= Rica Hübbe =

Australian medical doctor and teacher

Edith Ulrica Hübbe (10 October 1885 – 15 August 1967), invariably referred to as Rica Hübbe or Hubbe, was a South Australian medical doctor and teacher.

==History==
Samuel Grau "Sam" Hübbe (c. 1848 – 12 September 1900) was the first South Australian commissioned officer to be killed in the Boer War. A practising Unitarian, he was a son of Ulrich Hübbe, who was important in the development of the Torrens Title system of land registration. Edith Agnes Cook (1859 – 2 April 1942) was in 1876 the first female student at the University of Adelaide, and second principal of the Advanced School for Girls. They were married at the Cook home, Norwood, by John Crawford Woods on 3 January 1885.

Hübbe was born in Norwood, South Australia, the first child of surveyor and explorer Samuel Grau Hübbe and Edith Agnes Hübbe. Her education culminated in three years at the Advanced School for Girls, where her mother was once Principal, and was a successful student, awarded the Old Scholars' Prize for high achievements in the 1903 Leaving examinations, as well as some successes on the tennis court.

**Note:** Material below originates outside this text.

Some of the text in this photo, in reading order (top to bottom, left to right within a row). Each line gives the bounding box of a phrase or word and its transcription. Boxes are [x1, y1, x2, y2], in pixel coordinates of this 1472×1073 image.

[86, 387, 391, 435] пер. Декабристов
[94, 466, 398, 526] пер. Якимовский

Hübbe, her sister Marjorie Hübbe and, until she married, Ethel Holder, taught at her mother's school at 17 and 23 Statenborough Street, Knightsbridge (later known as Leabrook). She completed, by part-time study, several demanding degrees —
- She studied for a BA, and completed her Masters with third class honours in 1908.
- She studied medicine 1915–1922 at the University of Adelaide graduating M.B., B.S., then registered as a medical practitioner.
Knightsbridge School closed in 1922, and was taken over by the Misses Jones and Wells, after which Hübbe went into private practice and her sister Marjorie was married to Alfred Beech Caw by George Hale.

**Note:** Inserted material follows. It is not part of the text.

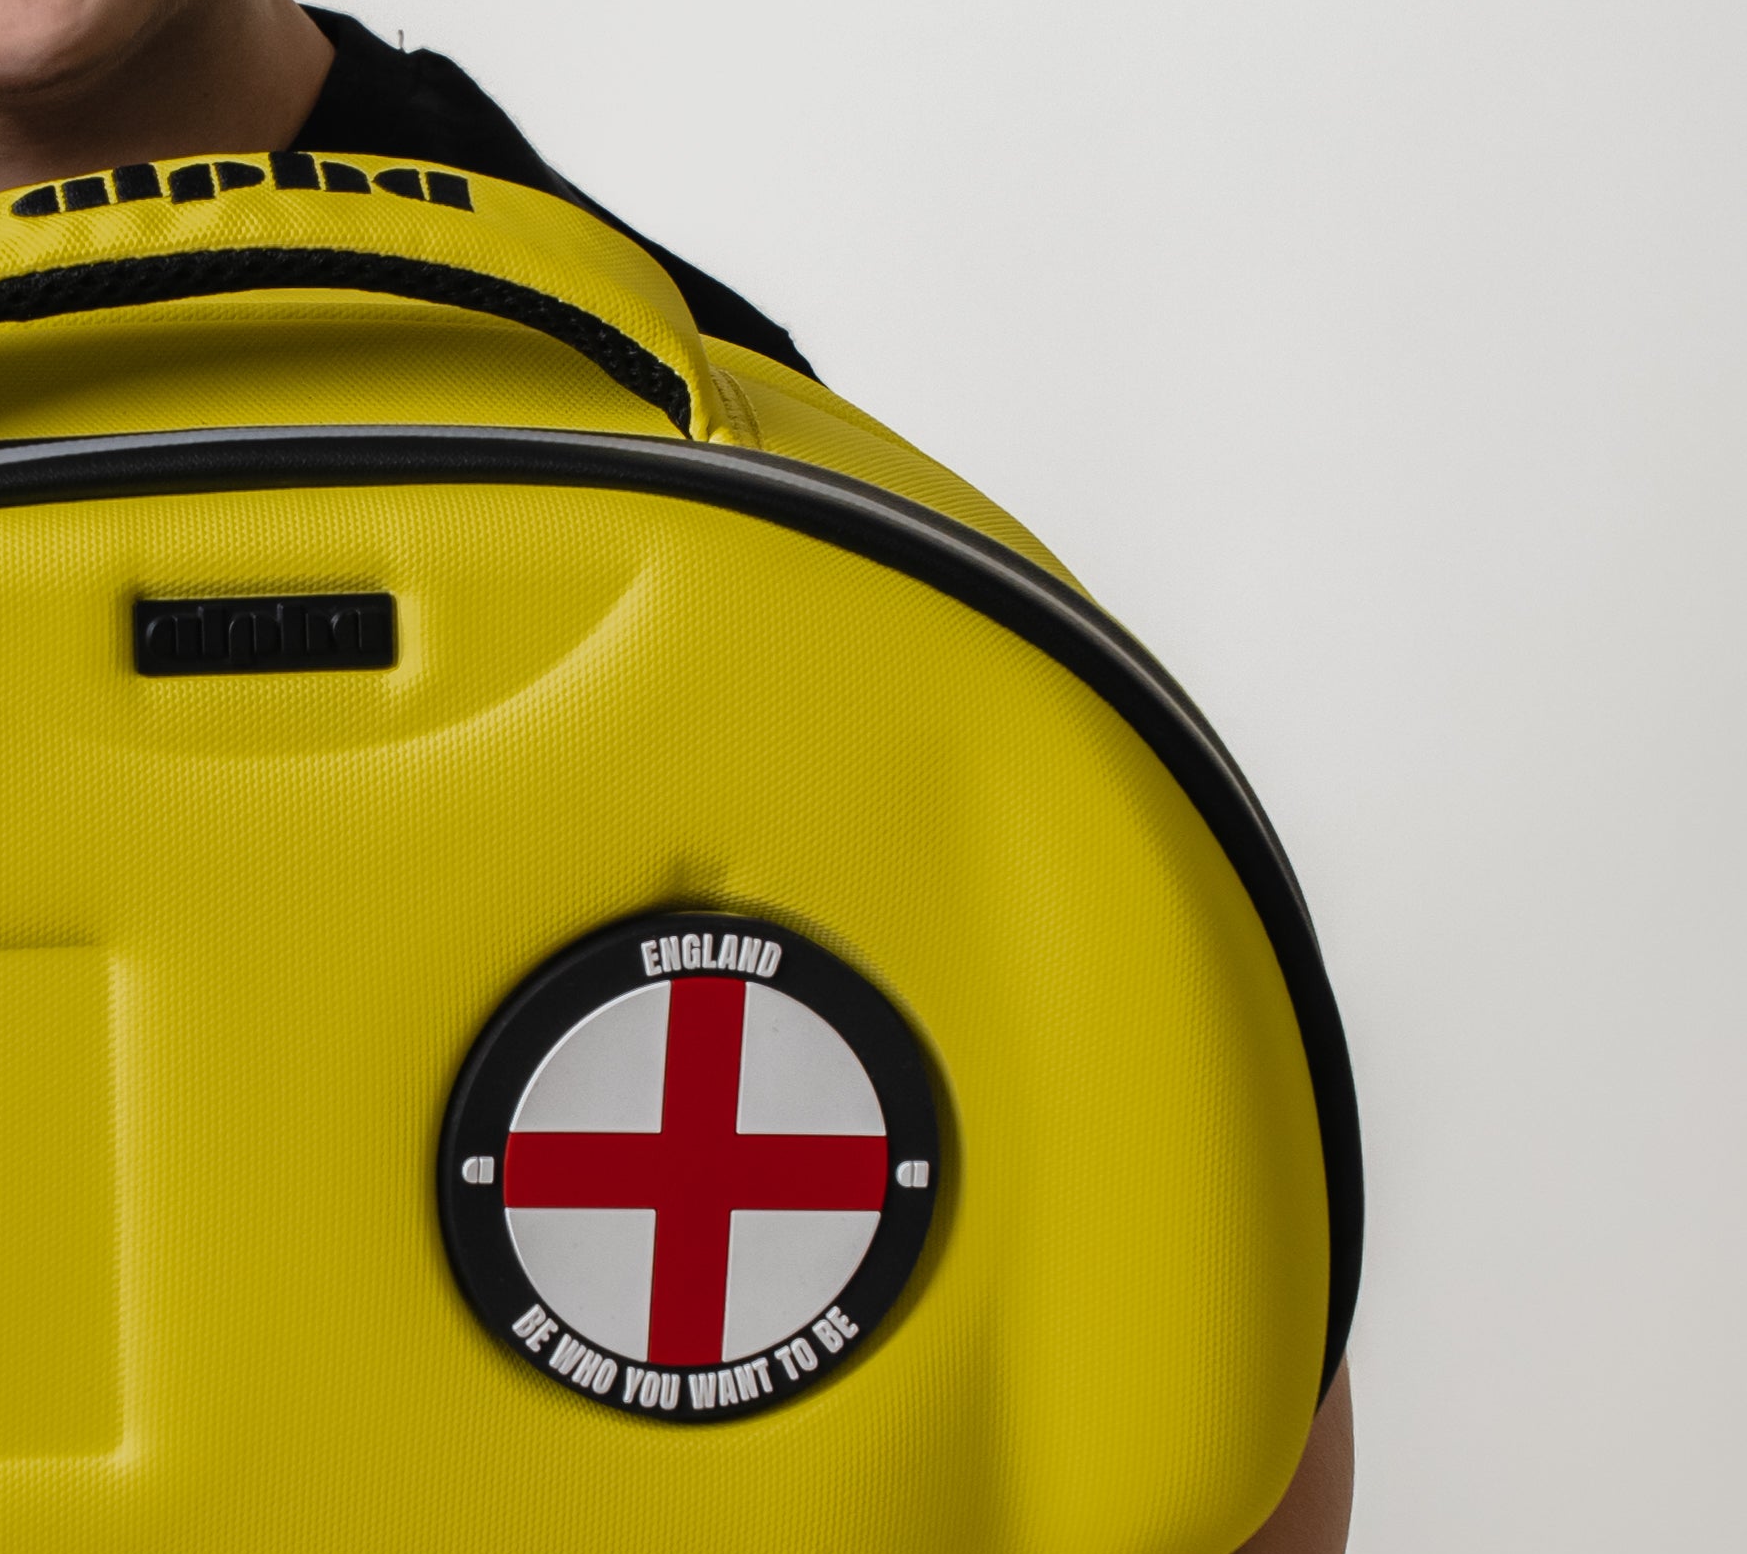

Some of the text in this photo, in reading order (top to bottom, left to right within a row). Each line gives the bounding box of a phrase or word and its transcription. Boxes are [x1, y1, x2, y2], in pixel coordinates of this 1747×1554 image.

From 1927 to 1933 she was an instructor in Physiology and demonstrator in Biochemistry (1929 appointment) at the University of Adelaide.

==Other interests==
Hübbe was a member of Adelaide's Lyceum Club; she was the club's longstanding secretary, from 1928 to 1950, in which year she appears to have ceased being a member.

==Family==
- Edith Agnes Cook (1859 – 2 April 1942) married Samuel Grau "Sam" Hübbe (c. 1848 – 12 September 1900) on 3 January 1885. A practising Unitarian, he was killed in the Boer War. Edith Hübbe conducted Knightsbridge School, later with assistance from daughters Rica and Marjorie.
- Dr Edith Ulrica "Rica" Hübbe (10 October 1885 – 1967), the subject of this article. She never married.
- Janet Doris Hübbe (1887–1950) married Alfred Allen Simpson (1875–1939) in 1910. They brought up their influential family at "Undelcarra", Burnside.
- Sgt Max Ulrich Hübbe (28 May 1891 – ) fought with 1st AIF, then farmed at Woodenup, near Kojonup, Western Australia.
- (Harriet) Marjorie Hübbe (1893–1993) taught at Knightsbridge School, then married Alfred Beech Caw ( – 1966) on 22 February 1922, farmed at Woodenup.
- Capt.(Hermann) Fritz Hübbe (1895 – 28 July 1916) enlisted with 1st AIF, was killed in action, France.